# Poulan/ Weedeater 5HP I/C Quantum XM push mower



## jimmymartini (Nov 10, 2011)

Greetings everyone,

I can't find a parts list for my push mower. The problem it has is it will only run for 10 minutes and then stall. I replaced the air filter and plug. I took off the carb and cleaned it with carb cleaner. Cleaned out all the jets/ holes with a small wire. I would like to get a new O-Ring and valve seat and gasket where the air filter attaches.

This problem started after I hit a stump hard. There is a little vibration when it runs. It may be just a coincidence though.

I wouldn't mind getting a service manual for this engine. But typing in the model # on Poulan's site doesn't bring anything up.
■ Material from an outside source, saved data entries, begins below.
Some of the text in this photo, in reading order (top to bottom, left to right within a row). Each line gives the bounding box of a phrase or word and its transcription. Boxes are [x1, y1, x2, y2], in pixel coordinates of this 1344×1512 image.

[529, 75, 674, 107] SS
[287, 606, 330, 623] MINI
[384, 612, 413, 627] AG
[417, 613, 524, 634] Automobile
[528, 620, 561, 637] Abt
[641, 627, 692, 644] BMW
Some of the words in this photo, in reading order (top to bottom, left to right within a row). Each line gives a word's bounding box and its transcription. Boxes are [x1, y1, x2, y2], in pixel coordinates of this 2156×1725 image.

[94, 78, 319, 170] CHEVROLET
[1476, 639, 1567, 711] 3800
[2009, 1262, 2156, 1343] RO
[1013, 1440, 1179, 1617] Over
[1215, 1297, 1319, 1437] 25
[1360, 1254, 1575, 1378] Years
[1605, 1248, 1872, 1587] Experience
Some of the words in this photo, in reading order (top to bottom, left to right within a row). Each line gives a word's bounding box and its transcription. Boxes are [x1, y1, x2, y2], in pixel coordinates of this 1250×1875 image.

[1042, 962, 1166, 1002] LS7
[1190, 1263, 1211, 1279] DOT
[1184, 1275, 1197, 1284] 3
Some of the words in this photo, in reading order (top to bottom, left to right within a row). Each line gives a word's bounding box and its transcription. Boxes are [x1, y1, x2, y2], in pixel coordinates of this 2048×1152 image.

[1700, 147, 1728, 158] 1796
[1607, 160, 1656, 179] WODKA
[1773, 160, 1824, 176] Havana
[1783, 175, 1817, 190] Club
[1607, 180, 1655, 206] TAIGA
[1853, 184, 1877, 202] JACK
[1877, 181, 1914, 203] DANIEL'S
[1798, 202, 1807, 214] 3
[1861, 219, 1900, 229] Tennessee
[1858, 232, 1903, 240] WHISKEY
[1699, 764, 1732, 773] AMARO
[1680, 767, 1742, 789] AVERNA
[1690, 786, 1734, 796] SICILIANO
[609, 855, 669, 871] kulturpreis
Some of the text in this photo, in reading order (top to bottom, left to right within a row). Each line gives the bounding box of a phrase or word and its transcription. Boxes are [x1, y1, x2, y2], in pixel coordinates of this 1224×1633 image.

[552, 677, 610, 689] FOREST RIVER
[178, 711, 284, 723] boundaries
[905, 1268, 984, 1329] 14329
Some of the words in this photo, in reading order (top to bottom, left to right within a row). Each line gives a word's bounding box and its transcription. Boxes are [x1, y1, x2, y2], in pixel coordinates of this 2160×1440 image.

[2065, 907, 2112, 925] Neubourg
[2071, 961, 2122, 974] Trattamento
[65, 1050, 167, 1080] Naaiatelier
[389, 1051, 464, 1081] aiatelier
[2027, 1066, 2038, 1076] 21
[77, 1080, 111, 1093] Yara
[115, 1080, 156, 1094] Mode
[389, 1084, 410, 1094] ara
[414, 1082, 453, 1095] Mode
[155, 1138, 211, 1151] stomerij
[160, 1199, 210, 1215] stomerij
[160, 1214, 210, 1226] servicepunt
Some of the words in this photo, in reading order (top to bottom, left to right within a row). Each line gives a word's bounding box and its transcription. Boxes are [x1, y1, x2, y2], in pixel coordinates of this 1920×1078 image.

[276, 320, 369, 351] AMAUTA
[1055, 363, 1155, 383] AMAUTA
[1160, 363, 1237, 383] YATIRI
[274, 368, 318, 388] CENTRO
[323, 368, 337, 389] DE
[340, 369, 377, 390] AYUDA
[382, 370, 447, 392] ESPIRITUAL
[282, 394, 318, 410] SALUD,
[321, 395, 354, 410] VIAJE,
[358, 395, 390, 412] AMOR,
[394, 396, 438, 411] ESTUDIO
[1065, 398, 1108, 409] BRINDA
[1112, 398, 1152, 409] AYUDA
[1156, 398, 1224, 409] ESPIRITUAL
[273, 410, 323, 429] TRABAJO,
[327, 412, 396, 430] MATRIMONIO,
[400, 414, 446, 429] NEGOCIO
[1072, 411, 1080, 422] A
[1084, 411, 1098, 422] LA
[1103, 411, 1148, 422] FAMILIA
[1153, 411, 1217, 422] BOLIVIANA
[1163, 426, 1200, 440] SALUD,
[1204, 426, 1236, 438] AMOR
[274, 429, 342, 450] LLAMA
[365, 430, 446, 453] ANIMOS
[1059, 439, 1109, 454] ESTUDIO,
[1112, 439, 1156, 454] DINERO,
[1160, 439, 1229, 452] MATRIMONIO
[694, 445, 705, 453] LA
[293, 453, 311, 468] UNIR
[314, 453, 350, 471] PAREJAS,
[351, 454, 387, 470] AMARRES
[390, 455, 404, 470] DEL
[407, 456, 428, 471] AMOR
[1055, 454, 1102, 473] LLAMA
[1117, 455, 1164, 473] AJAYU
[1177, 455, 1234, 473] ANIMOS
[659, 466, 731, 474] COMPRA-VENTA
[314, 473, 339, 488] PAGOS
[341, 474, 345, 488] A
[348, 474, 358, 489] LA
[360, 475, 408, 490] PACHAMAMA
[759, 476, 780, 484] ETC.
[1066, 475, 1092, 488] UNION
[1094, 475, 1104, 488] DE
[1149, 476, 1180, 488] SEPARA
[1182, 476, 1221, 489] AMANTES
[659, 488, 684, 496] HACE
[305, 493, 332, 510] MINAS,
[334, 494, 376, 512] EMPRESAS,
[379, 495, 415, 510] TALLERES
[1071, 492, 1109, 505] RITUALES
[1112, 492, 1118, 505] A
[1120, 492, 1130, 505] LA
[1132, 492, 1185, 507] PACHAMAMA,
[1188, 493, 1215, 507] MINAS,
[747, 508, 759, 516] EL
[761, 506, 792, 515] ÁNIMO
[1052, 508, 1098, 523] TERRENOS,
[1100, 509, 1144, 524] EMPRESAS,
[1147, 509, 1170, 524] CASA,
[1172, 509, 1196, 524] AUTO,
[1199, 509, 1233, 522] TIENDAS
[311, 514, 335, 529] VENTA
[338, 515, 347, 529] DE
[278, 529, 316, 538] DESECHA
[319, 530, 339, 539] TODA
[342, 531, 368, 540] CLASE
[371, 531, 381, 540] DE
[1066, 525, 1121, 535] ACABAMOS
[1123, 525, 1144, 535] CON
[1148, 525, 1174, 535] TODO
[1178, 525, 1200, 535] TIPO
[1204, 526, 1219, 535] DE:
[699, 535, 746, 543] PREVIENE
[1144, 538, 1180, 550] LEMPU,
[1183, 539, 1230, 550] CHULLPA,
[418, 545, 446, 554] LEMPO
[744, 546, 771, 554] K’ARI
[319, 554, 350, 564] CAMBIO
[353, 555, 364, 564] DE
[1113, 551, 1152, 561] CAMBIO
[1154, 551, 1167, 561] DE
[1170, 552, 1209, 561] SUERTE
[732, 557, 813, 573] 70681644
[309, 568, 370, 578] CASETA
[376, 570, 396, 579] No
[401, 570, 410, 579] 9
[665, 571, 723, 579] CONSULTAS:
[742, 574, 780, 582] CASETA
Thanks for all the advice.


----------



## geogrubb (Jul 28, 2006)

You can get an IPL for the engine at the briggs site, just enter the model and type code which is probably stamped in the metal shroud just above the spark plug. the shutting off after 10 minutes might be a bad fuel cap, try loosening the cap to see if it will continue to run. If it doesn't improve, check for spark when it dies, ignition module might be going bad. The vibration after hitting the stump is either a bent blade or a bent crank, to check, remove the spark plug wire, tilt the mower carb side up and turn the blade, mark a couple spots at the end of the blade then turn the blade to see if it pass the marks at the same spot for both ends of the blade. If the rope is hard to pull or tries to jerk out ou your hand when you are starting the mower you have a partially sheared flywheel key from when you hit the stump. Check all those things and let us know the results. Have a good one. Geo


----------



## usmcgrunt (Sep 16, 2007)

Hello and Welcome.Here is a link to the Briggs service manual.Hope this helps.
http://bgsengineclinic.com/downloads/index.php?fetchfile=Briggs_270962_L_HEAD_SINGLE.pdf


----------



## jimmymartini (Nov 10, 2011)

Thanks a lot for the manual. It's very helpful.


----------



## jimmymartini (Nov 10, 2011)

geogrubb said:


> You can get an IPL for the engine at the briggs site, just enter the model and type code which is probably stamped in the metal shroud just above the spark plug. the shutting off after 10 minutes might be a bad fuel cap, try loosening the cap to see if it will continue to run. If it doesn't improve, check for spark when it dies, ignition module might be going bad. The vibration after hitting the stump is either a bent blade or a bent crank, to check, remove the spark plug wire, tilt the mower carb side up and turn the blade, mark a couple spots at the end of the blade then turn the blade to see if it pass the marks at the same spot for both ends of the blade. If the rope is hard to pull or tries to jerk out ou your hand when you are starting the mower you have a partially sheared flywheel key from when you hit the stump. Check all those things and let us know the results. Have a good one. Geo


Geo,
Thanks for the help. I loosened the gas cap so it could draw in air and now it will run fine without stalling. Are these caps not supposed to be air-tight? But at the same time I took the carb off and cleaned it out and replaced the o-ring that goes in between the carb and engine. So I don't know what it was that fixed it. 
Pulling on the rope doesn't jerk out of my hand at all. I still need to test the blade to see if it's bent as there is a bit of vibration. 
Sure is nice to have my mower running.


----------



## Rentahusband (Aug 25, 2008)

If you hit a stump hard, pretty sure the blade is bent a bit.


----------